Week 7 - Digital Automa

Cyber Twin is funny!! Good for a laugh!

Turing Test - "The Turing test is a proposal for a test of a machine's ability to demonstrate intelligence. It proceeds as follows: a human judge engages in a natural language conversation with one human and one machine, each of which tries to appear human. All participants are placed in isolated locations. If the judge cannot reliably tell the machine from the human, the machine is said to have passed the test. In order to test the machine's intelligence rather than its ability to render words into audio, the conversation is limited to a text-only channel such as a computer keyboard and screen." (Wikipedia, http://en.wikipedia.org/wiki/Turing_test)
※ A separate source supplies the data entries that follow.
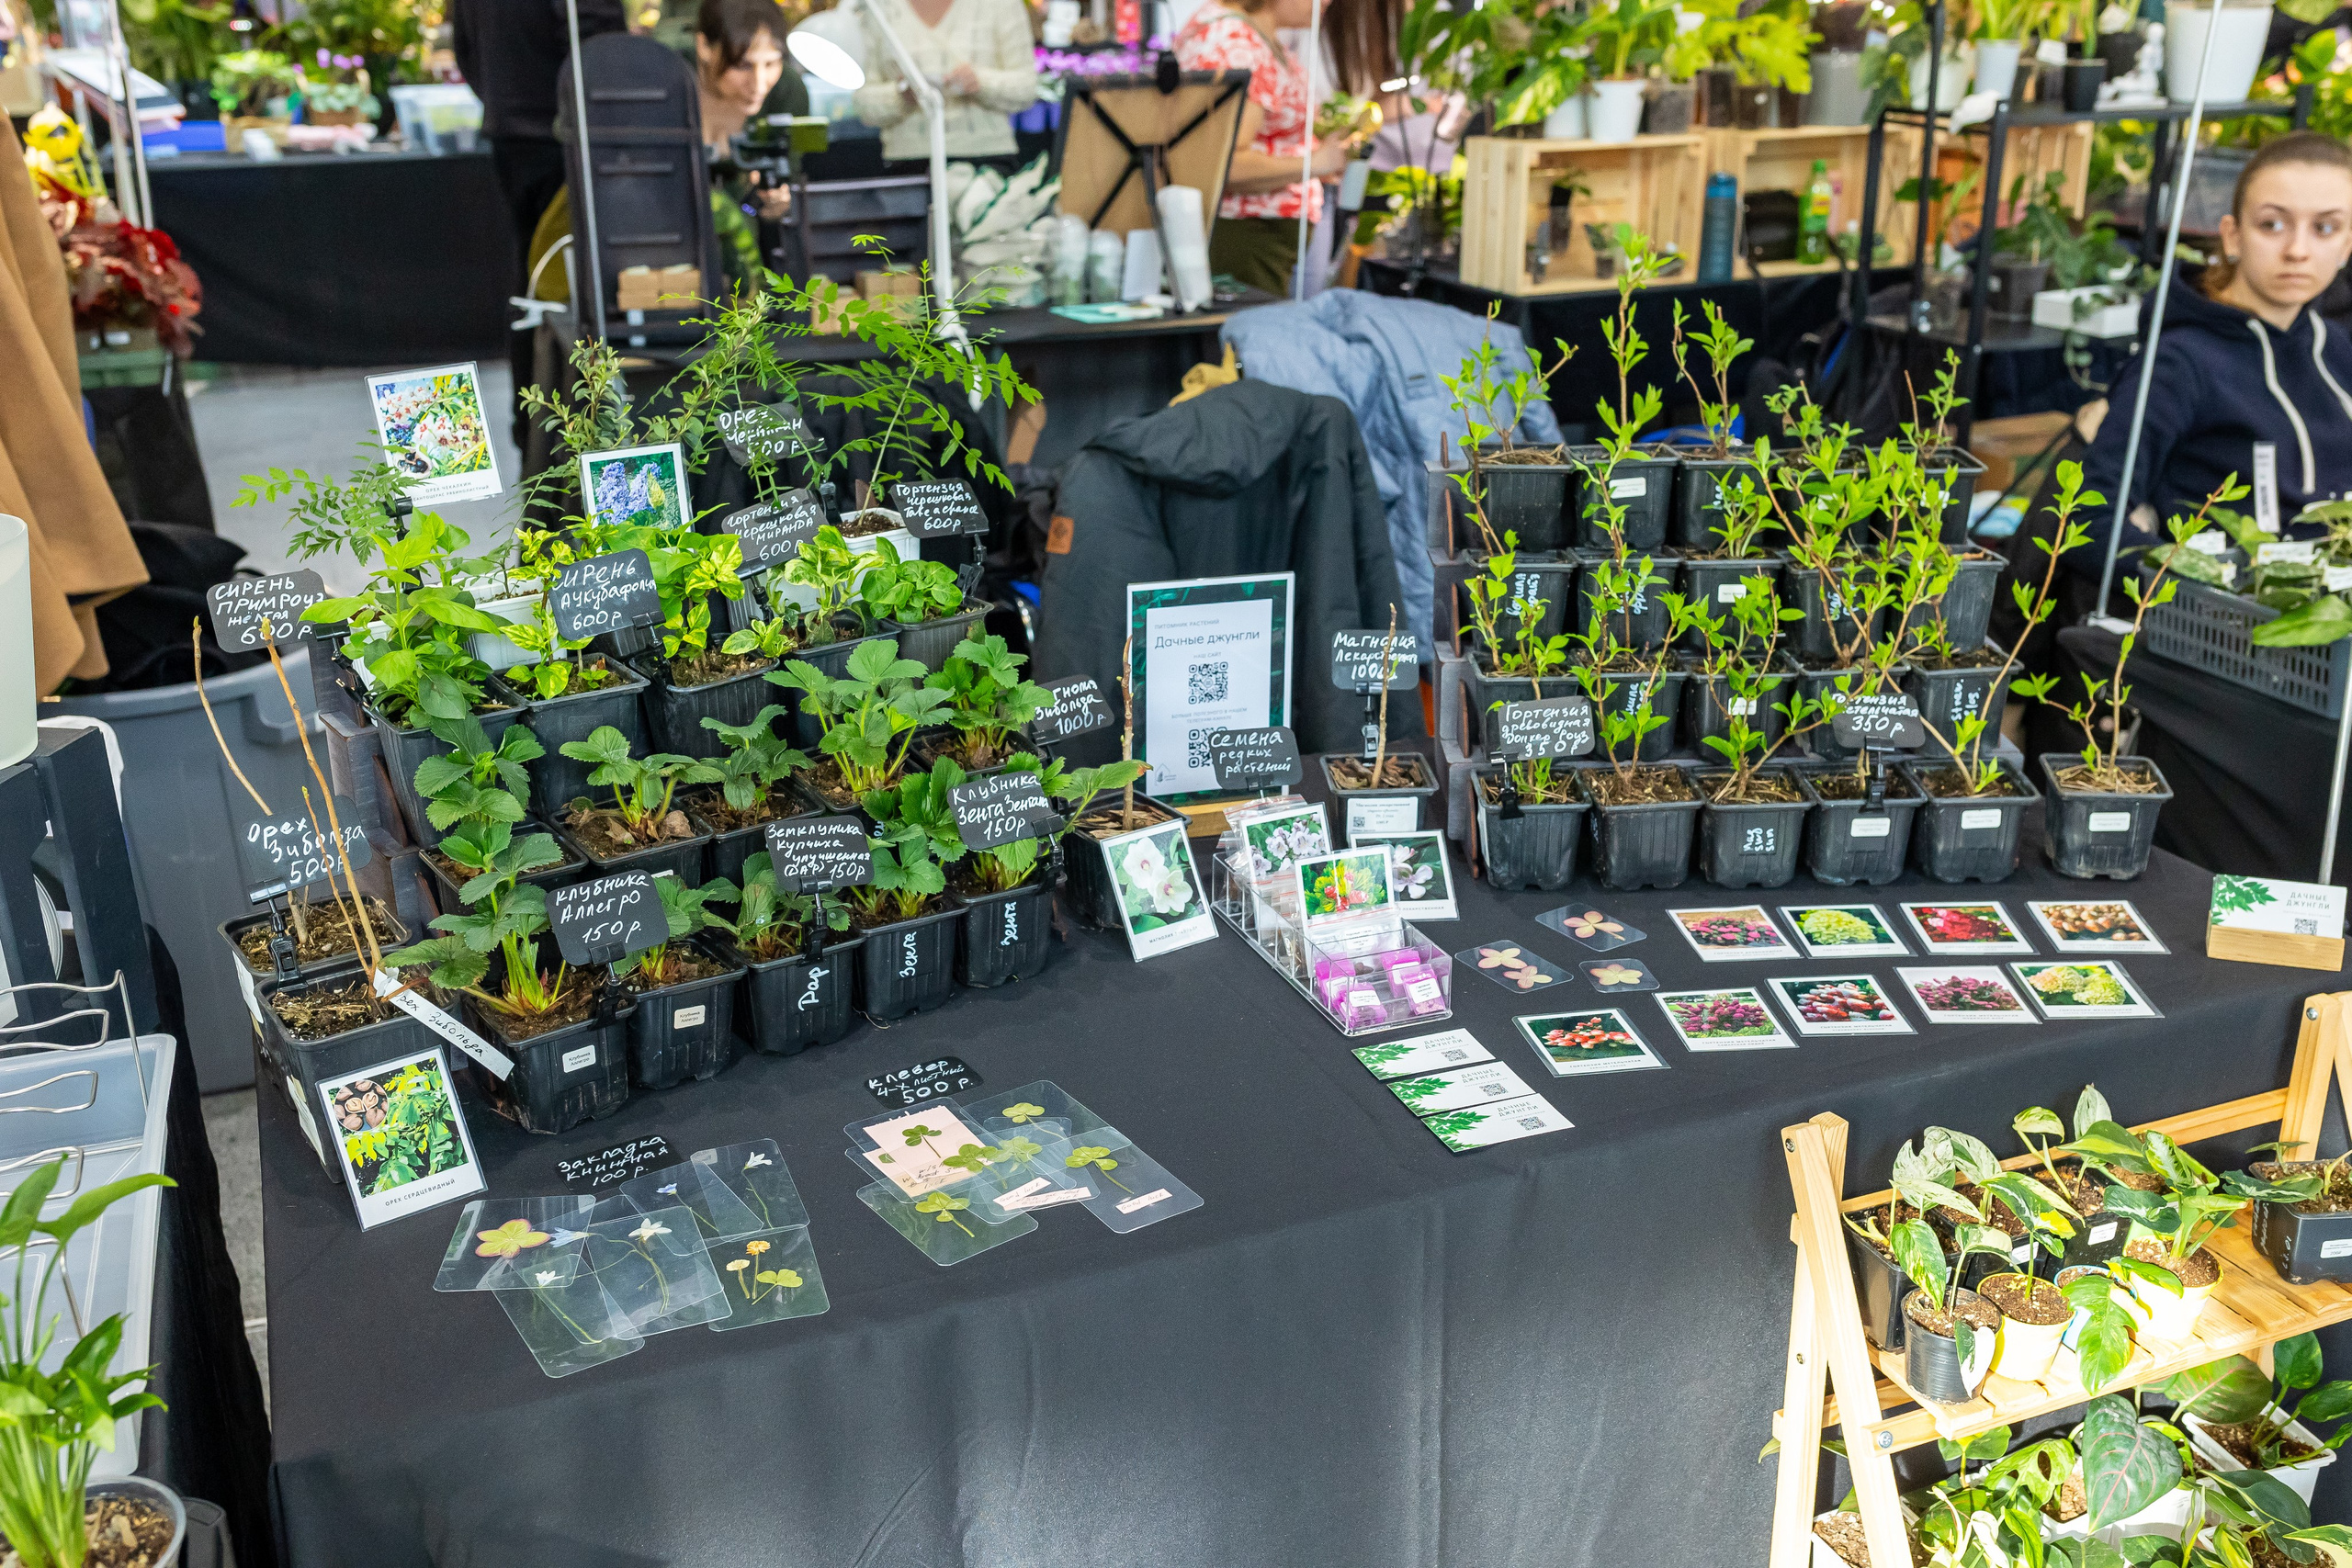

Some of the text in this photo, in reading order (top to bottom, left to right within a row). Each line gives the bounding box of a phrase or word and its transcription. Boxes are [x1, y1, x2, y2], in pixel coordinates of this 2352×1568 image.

[413, 491, 446, 502] САНТОЦЕРАС
[756, 517, 814, 545] МИРАНДА
[760, 540, 792, 560] 600
[215, 577, 295, 600] СИРЕНЬ
[573, 611, 608, 631] 600
[1155, 631, 1260, 649] Дачные джунгли
[1052, 680, 1098, 700] гнолия
[1842, 705, 1919, 717] етельчатая
[1055, 711, 1093, 735] 1000
[1851, 715, 1890, 732] 350
[1210, 730, 1283, 747] Семена
[1219, 748, 1272, 765] редких
[1525, 740, 1566, 758] 350
[1225, 757, 1292, 779] растений
[953, 775, 1041, 805] Клубника
[247, 818, 308, 849] Орех
[768, 824, 863, 839] Земклуника
[776, 840, 844, 859] Купчиха
[556, 874, 650, 907] Клубника
[2290, 892, 2327, 901] ДАЧНЫЕ
[560, 890, 640, 924] Аллегро
[2286, 900, 2330, 910] ДЖУНГЛИ
[1149, 933, 1173, 943] МАГНОЛИЯ
[679, 1011, 701, 1020] Клубника
[398, 994, 483, 1057] рех Зибольда
[568, 1051, 591, 1062] Клубника
[571, 1056, 590, 1066] Аллегро
[902, 1081, 949, 1103] 500
[593, 1168, 627, 1187] 100
[385, 1179, 456, 1207] ОРЕХ СЕРДЦЕВИДНЫЙ
Chinese Room Argument - "John Searle's (1980a) thought experiment and associated (1984) derivation - is one of the best known and widely credited counters to claims of artificial intelligence (AI), i.e., to claims that computers do or at least can (someday might) think. According to Searle's original presentation, the argument is based on two truths: brains cause minds, and syntax doesn't suffice for semantics. Its target, Searle dubs "strong AI": "according to strong AI," according to Searle, "the computer is not merely a tool in the study of the mind, rather the appropriately programmed computer really is a mind in the sense that computers given the right programs can be literally said to understand and have other cognitive states" (1980a, p. 417). Searle contrasts "strong AI" to "weak AI". According to weak AI, according to Searle, computers just simulate thought, their seeming understanding isn't real (just as-if) understanding, their seeming calculation as-if calculation, etc.; nevertheless, computer simulation is useful for studying the mind (as for studying the weather and other things)."